- TASK ITEM
Restate all the lines below word for word, but omit the pictures.

- Collected data
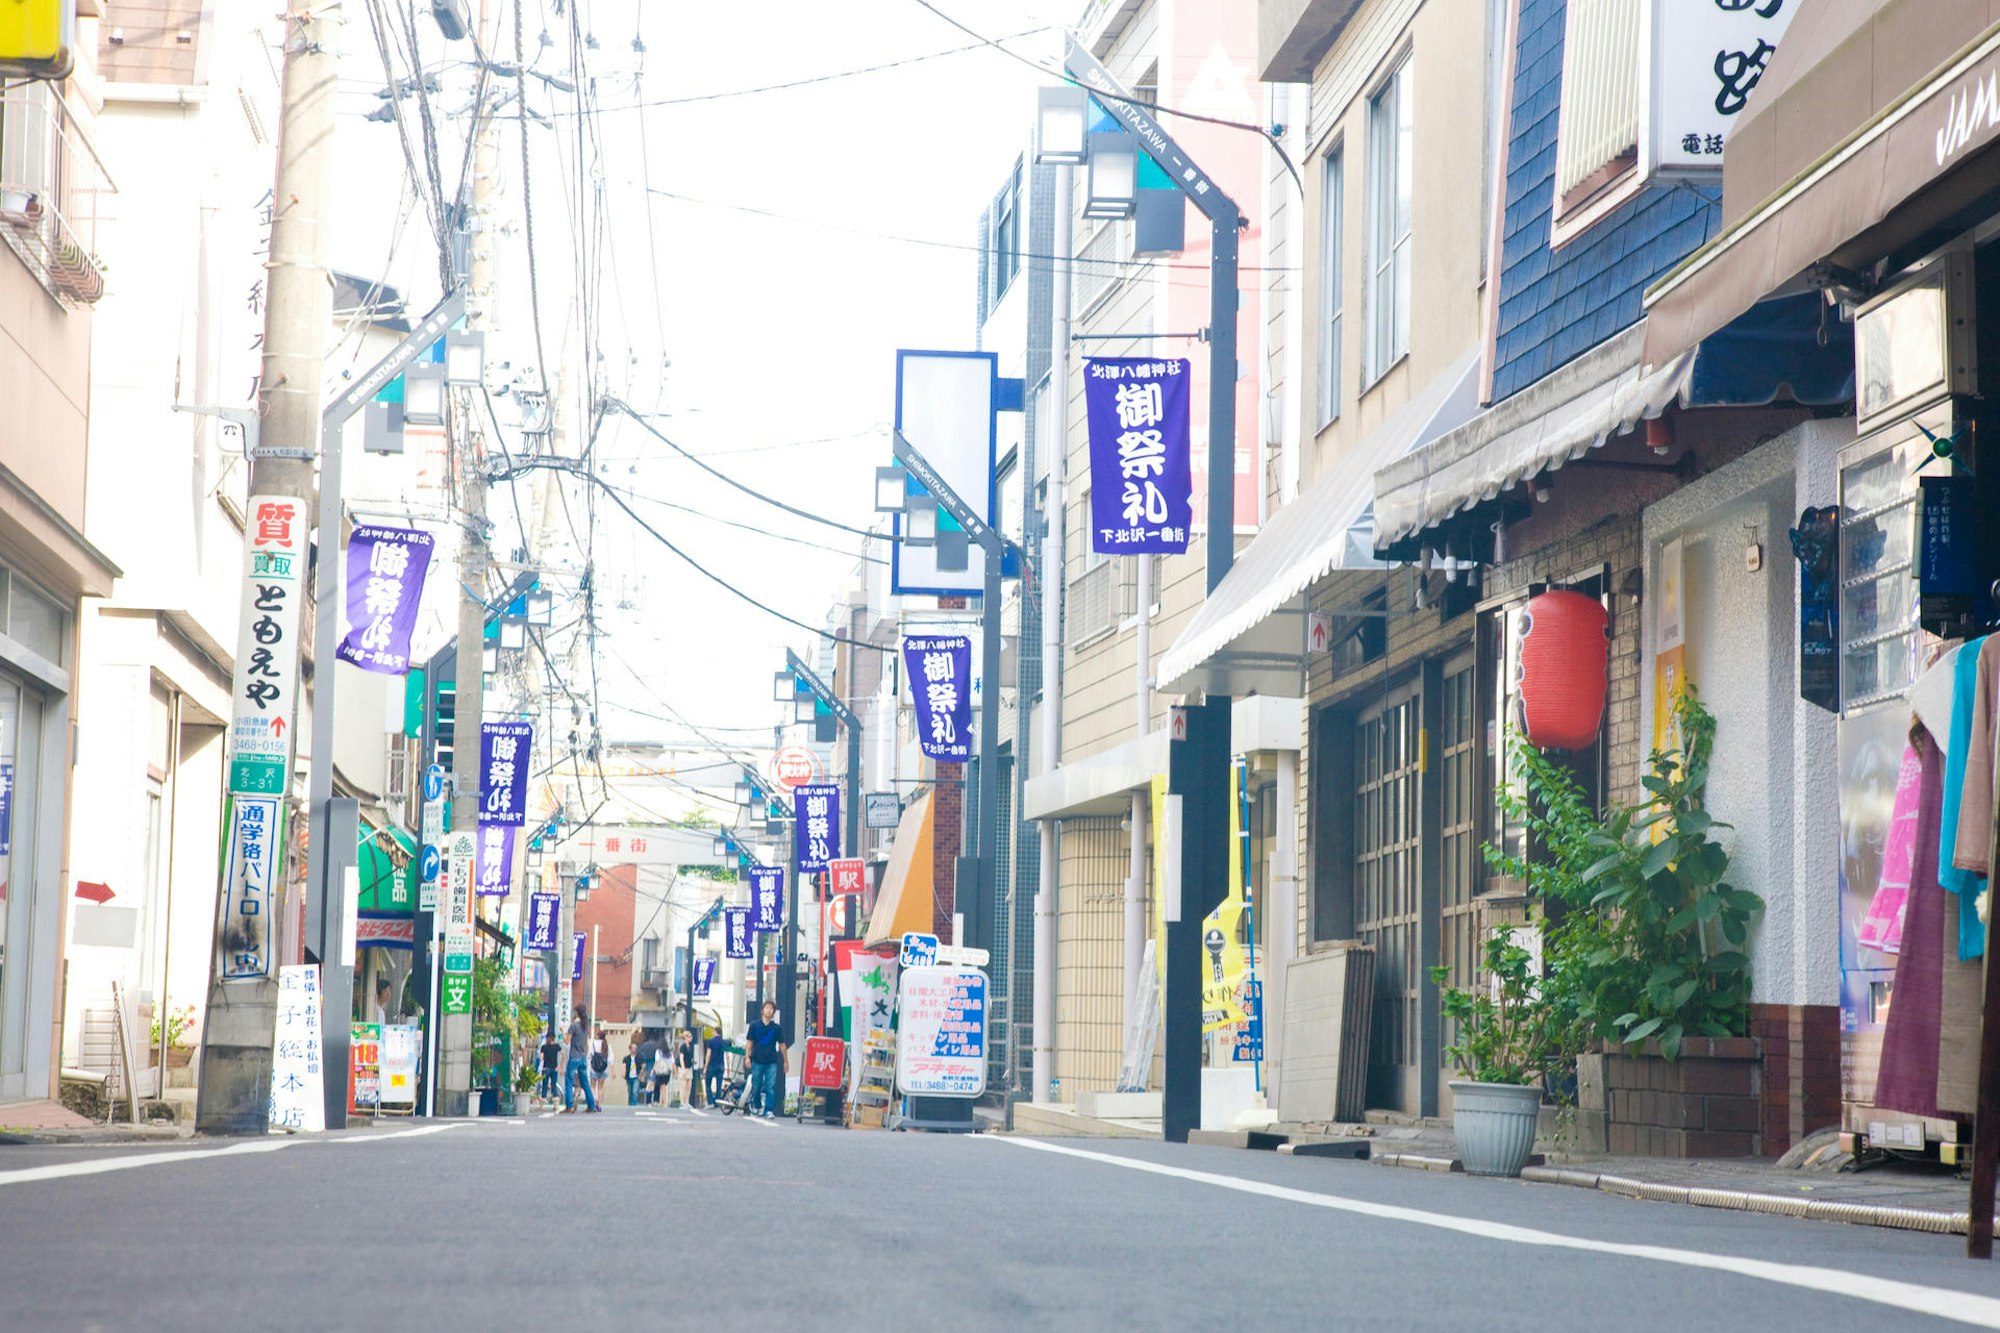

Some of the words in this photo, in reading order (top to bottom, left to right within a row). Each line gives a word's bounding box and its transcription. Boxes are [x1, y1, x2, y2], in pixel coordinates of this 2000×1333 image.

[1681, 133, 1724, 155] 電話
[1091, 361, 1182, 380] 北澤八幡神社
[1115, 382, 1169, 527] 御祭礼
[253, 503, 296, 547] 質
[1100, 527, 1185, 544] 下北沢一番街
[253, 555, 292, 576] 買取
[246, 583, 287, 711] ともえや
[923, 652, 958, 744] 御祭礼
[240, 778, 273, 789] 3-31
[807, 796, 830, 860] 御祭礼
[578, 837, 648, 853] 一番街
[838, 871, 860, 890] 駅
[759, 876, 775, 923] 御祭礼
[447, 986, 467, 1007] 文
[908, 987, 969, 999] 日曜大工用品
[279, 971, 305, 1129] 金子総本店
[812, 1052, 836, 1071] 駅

- YOUR SOLUTION
Some of the words in this photo, in reading order (top to bottom, left to right within a row). Each line gives a word's bounding box and its transcription. Boxes are [x1, y1, x2, y2], in pixel coordinates of this 2000×1333 image.

[1681, 133, 1724, 155] 電話
[1091, 361, 1182, 380] 北澤八幡神社
[1115, 382, 1169, 527] 御祭礼
[253, 503, 296, 547] 質
[1100, 527, 1185, 544] 下北沢一番街
[253, 555, 292, 576] 買取
[246, 583, 287, 711] ともえや
[923, 652, 958, 744] 御祭礼
[240, 778, 273, 789] 3-31
[807, 796, 830, 860] 御祭礼
[578, 837, 648, 853] 一番街
[838, 871, 860, 890] 駅
[759, 876, 775, 923] 御祭礼
[447, 986, 467, 1007] 文
[908, 987, 969, 999] 日曜大工用品
[279, 971, 305, 1129] 金子総本店
[812, 1052, 836, 1071] 駅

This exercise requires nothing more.